---------- Task data ----------

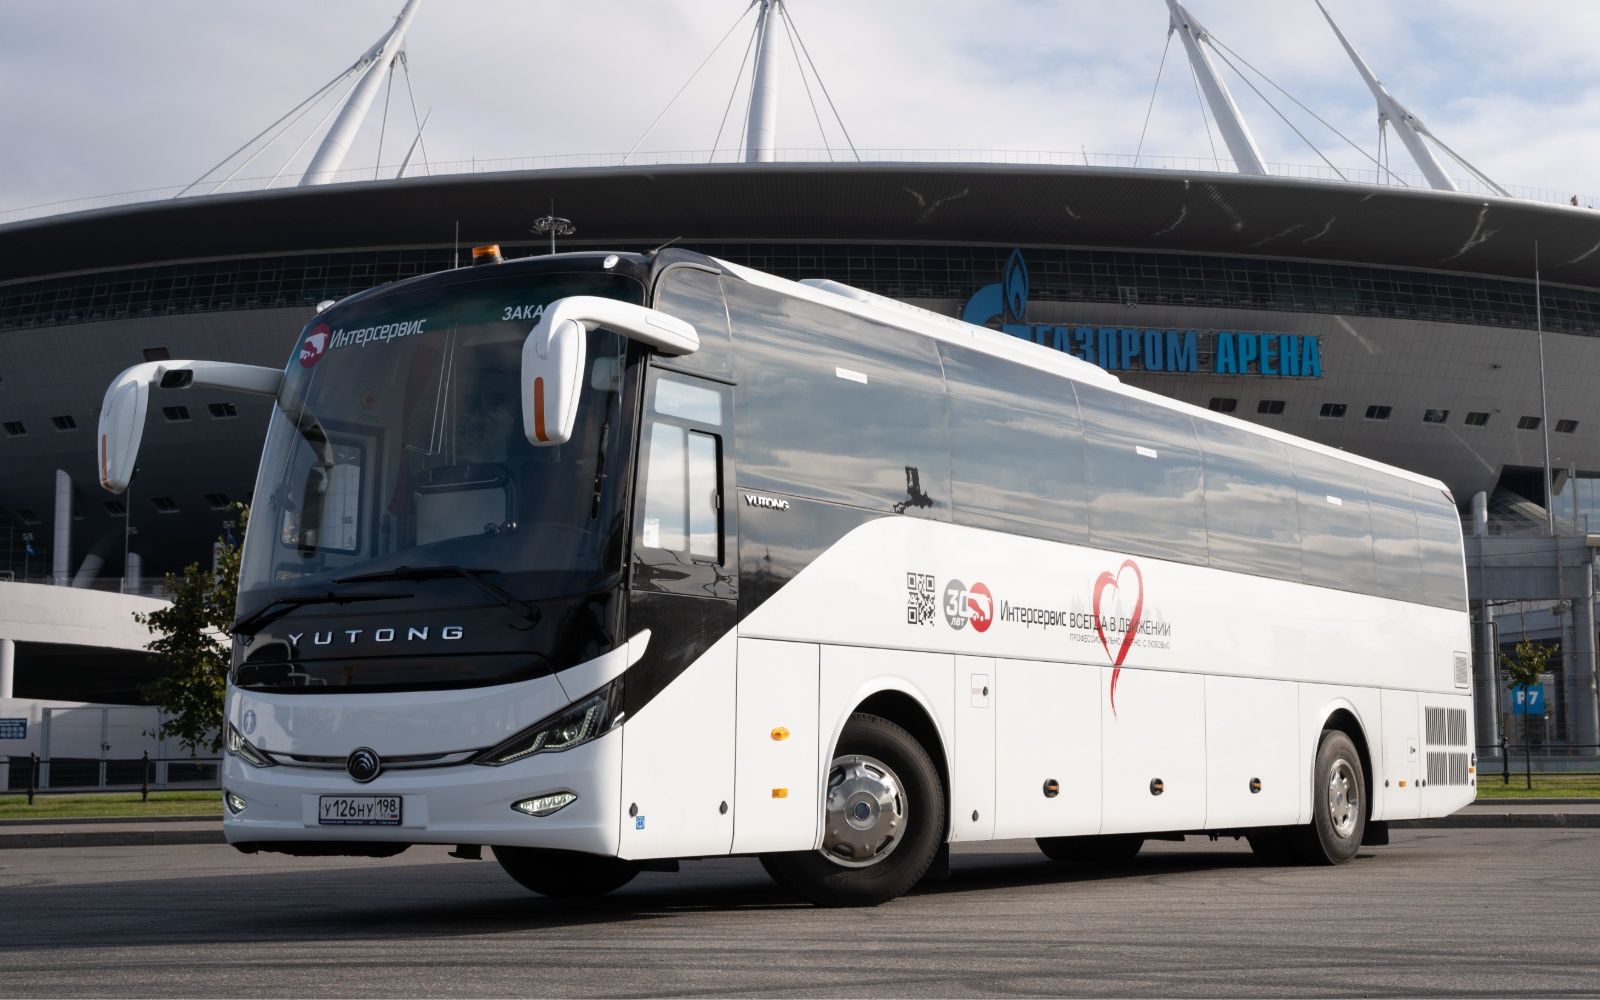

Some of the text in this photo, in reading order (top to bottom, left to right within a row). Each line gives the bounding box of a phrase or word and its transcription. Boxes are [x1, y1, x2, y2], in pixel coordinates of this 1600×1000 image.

[502, 304, 544, 321] ЗАКА
[328, 319, 427, 349] Интерсервис
[1035, 324, 1322, 377] ГАЗПРОМ АРЕНА
[744, 494, 790, 511] YUTONG
[950, 616, 965, 627] лет
[1000, 599, 1171, 637] Интерсервис ВСЕГДА В ДВИЖЕНИИ
[287, 625, 464, 647] YUTONG
[377, 798, 397, 813] 198
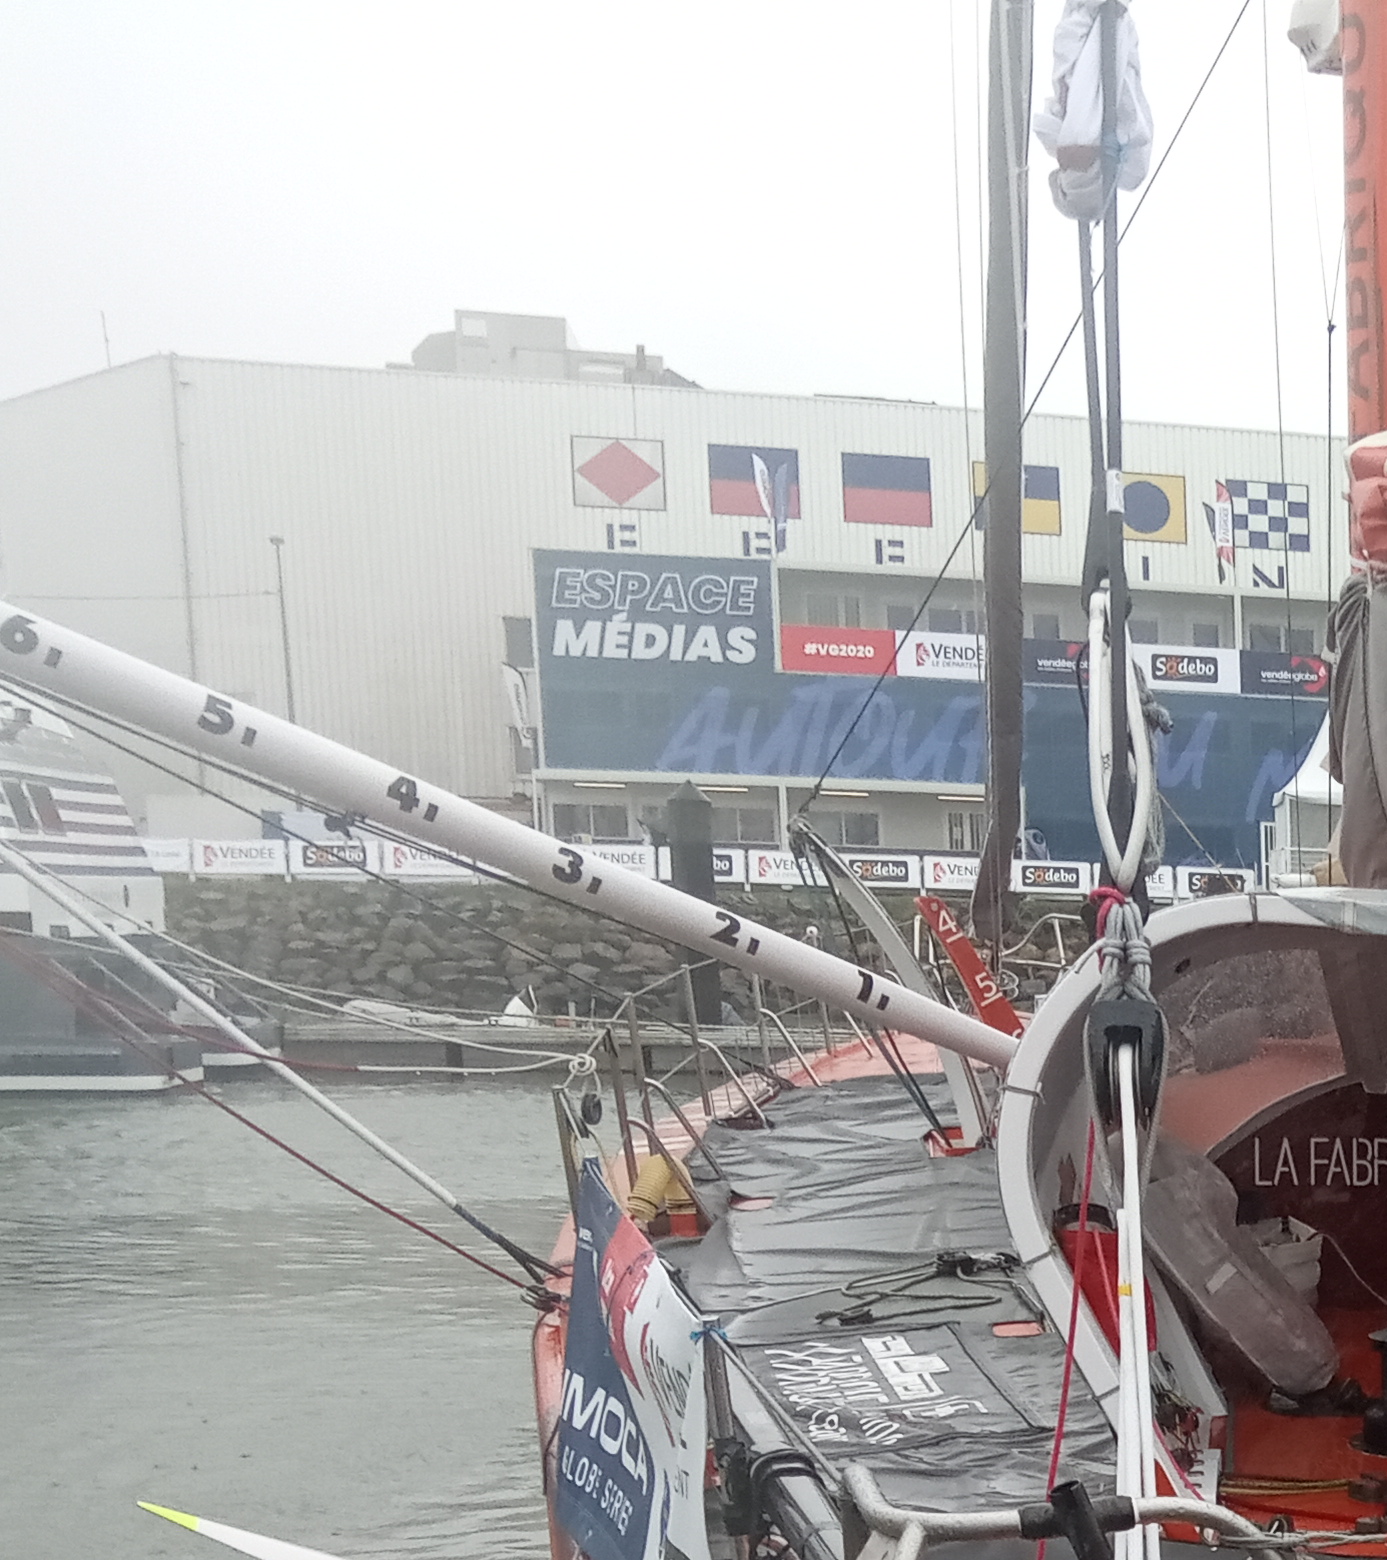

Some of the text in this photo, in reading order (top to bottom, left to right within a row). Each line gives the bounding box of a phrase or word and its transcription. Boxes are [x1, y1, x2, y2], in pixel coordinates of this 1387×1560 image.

[551, 567, 757, 615] ESPACE
[0, 614, 39, 655] 6
[552, 611, 757, 663] MÉDIAS
[804, 642, 875, 658] #VG2020
[931, 642, 984, 663] VENDÉ
[198, 694, 235, 735] 5
[387, 776, 420, 814] 4
[552, 847, 584, 884] 3
[710, 911, 741, 948] 2
[1253, 1137, 1299, 1187] LA
[561, 1368, 648, 1496] IMOCA

----------

What the exercise asks: Output the entries exactly and keep every picture out of them.

Written answer:
Some of the text in this photo, in reading order (top to bottom, left to right within a row). Each line gives the bounding box of a phrase or word and its transcription. Boxes are [x1, y1, x2, y2], in pixel coordinates of this 1600×1000 image.

[502, 304, 544, 321] ЗАКА
[328, 319, 427, 349] Интерсервис
[1035, 324, 1322, 377] ГАЗПРОМ АРЕНА
[744, 494, 790, 511] YUTONG
[950, 616, 965, 627] лет
[1000, 599, 1171, 637] Интерсервис ВСЕГДА В ДВИЖЕНИИ
[287, 625, 464, 647] YUTONG
[377, 798, 397, 813] 198

Some of the text in this photo, in reading order (top to bottom, left to right within a row). Each line gives the bounding box of a phrase or word and its transcription. Boxes are [x1, y1, x2, y2], in pixel coordinates of this 1387×1560 image.

[551, 567, 757, 615] ESPACE
[0, 614, 39, 655] 6
[552, 611, 757, 663] MÉDIAS
[804, 642, 875, 658] #VG2020
[931, 642, 984, 663] VENDÉ
[198, 694, 235, 735] 5
[387, 776, 420, 814] 4
[552, 847, 584, 884] 3
[710, 911, 741, 948] 2
[1253, 1137, 1299, 1187] LA
[561, 1368, 648, 1496] IMOCA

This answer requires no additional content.